Rafe chuckled damply. She could make him laugh even when his life was being ripped out from under him. “I’m not any of those things. Definitely not a priest.”
She shook him by the shirt she still had clutched in her hand. “I’m not any of those things, either.”
He met her eyes, tamped down his pride and worked up his courage. “No. You’re a scientist.”
Olivia knew this was important, but could not begin to fathom why. “So?”
“Where were you born, Olivia?”
“Where? In San Diego.”
“I mean, where?”
“You mean, what hospital?” She shook her head. “Coronado, I think.”
That figured. “I was born at home, in my parents’ bed. The last of nine children.”
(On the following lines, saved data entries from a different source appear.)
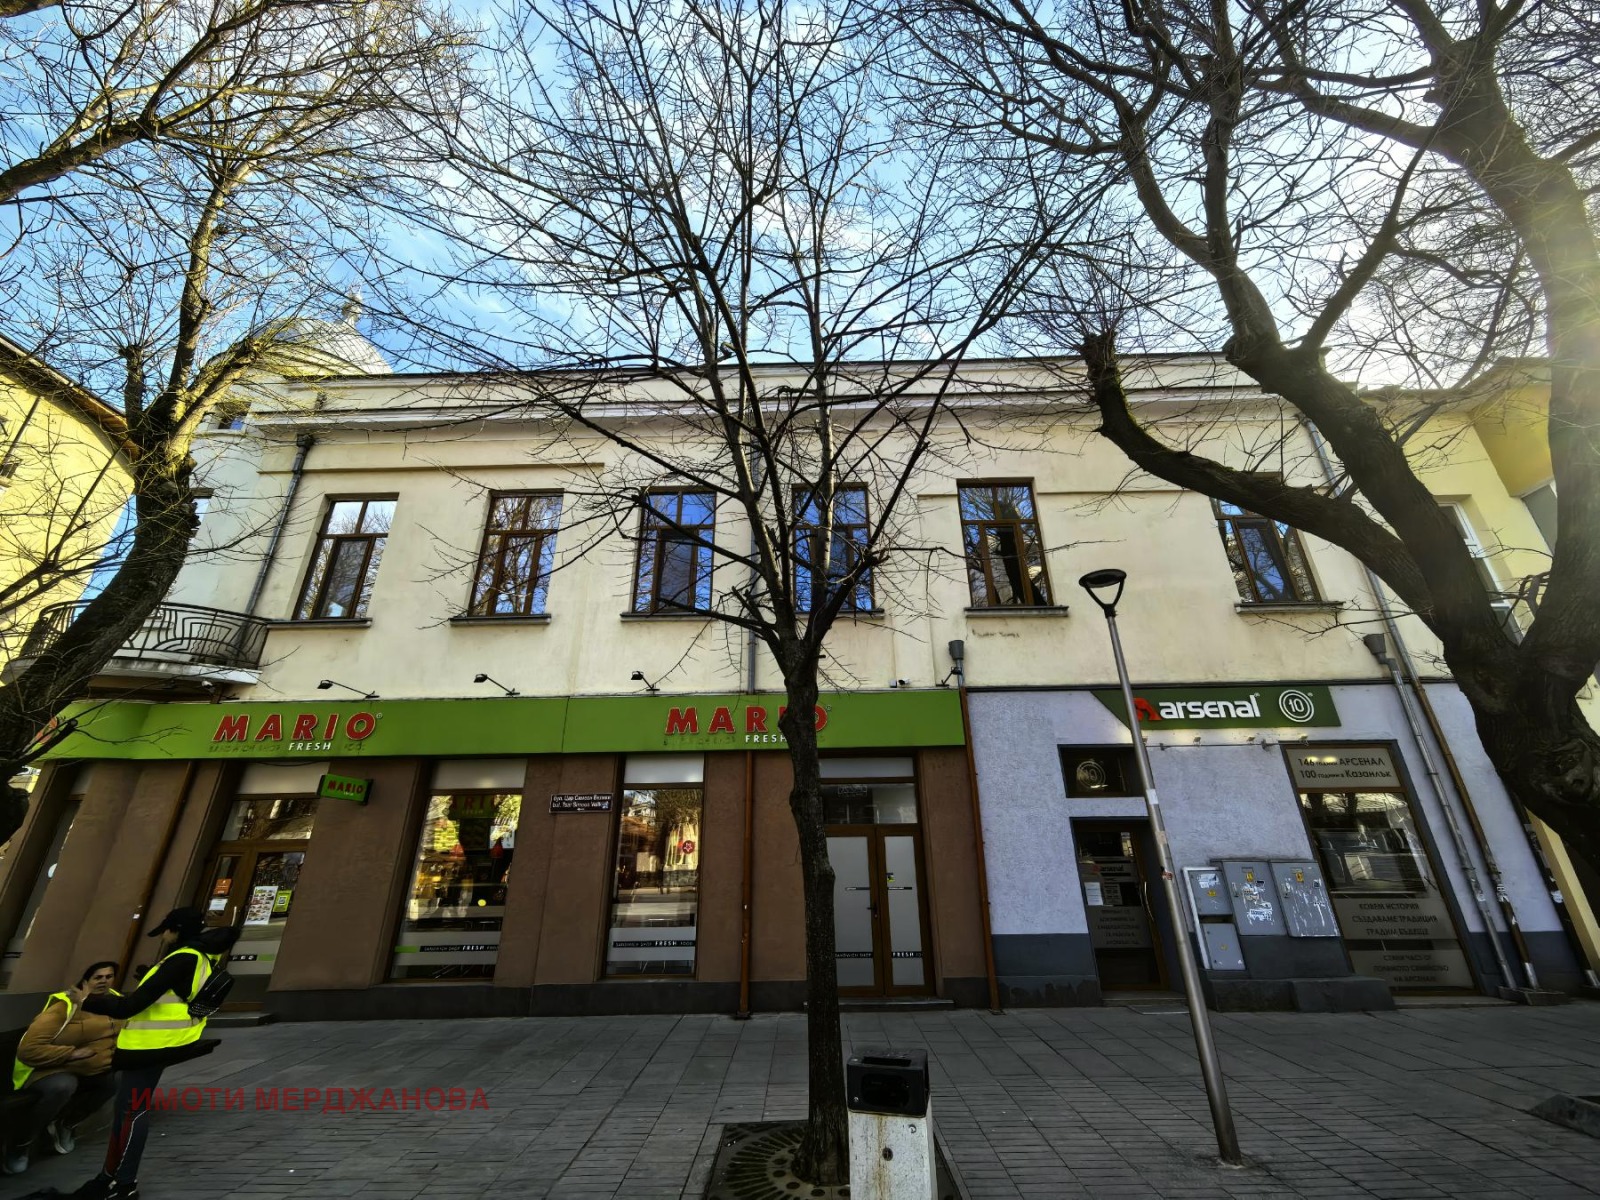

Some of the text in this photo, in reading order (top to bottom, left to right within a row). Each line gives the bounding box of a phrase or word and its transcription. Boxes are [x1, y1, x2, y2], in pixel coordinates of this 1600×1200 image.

[1159, 694, 1260, 719] arsenal
[1288, 698, 1305, 713] 10
[212, 711, 375, 741] MARIO
[745, 734, 788, 743] FRESH
[288, 742, 332, 751] FRESH
[1339, 757, 1386, 766] АРСЕНАЛ
[1300, 770, 1317, 779] 100
[1345, 769, 1393, 778] Казанлък
[327, 780, 364, 794] MARIO
She narrowed her eyes. “We all have big families, Rafael. It was our parents’ generation.”
“I didn’t have my own pair of shoes, or a shirt, or even underwear that hadn’t been worn by somebody else—until I was thirteen.”
“Rafael.”
“I slept with my brothers in a bed my mother dragged home from the dump.”
“Okay.”
“I worked in the avocado groves, Olivia, with the rats. I’ve slept in places you wouldn’t let your dog lie down in. I’ve eaten things that crawl across the ground to fill my empty belly. My parents came to this country by swimming the canals. They’re wetbacks, Olivia. Have you ever heard that expression? They don’t speak English even after thirty years in the United States. Half my brothers and sisters come to dinner with dirt under their fingernails. All my friends are either cops or homeboys. I am the youngest son of illegal immigrants, and I’ve lived the life that entails.”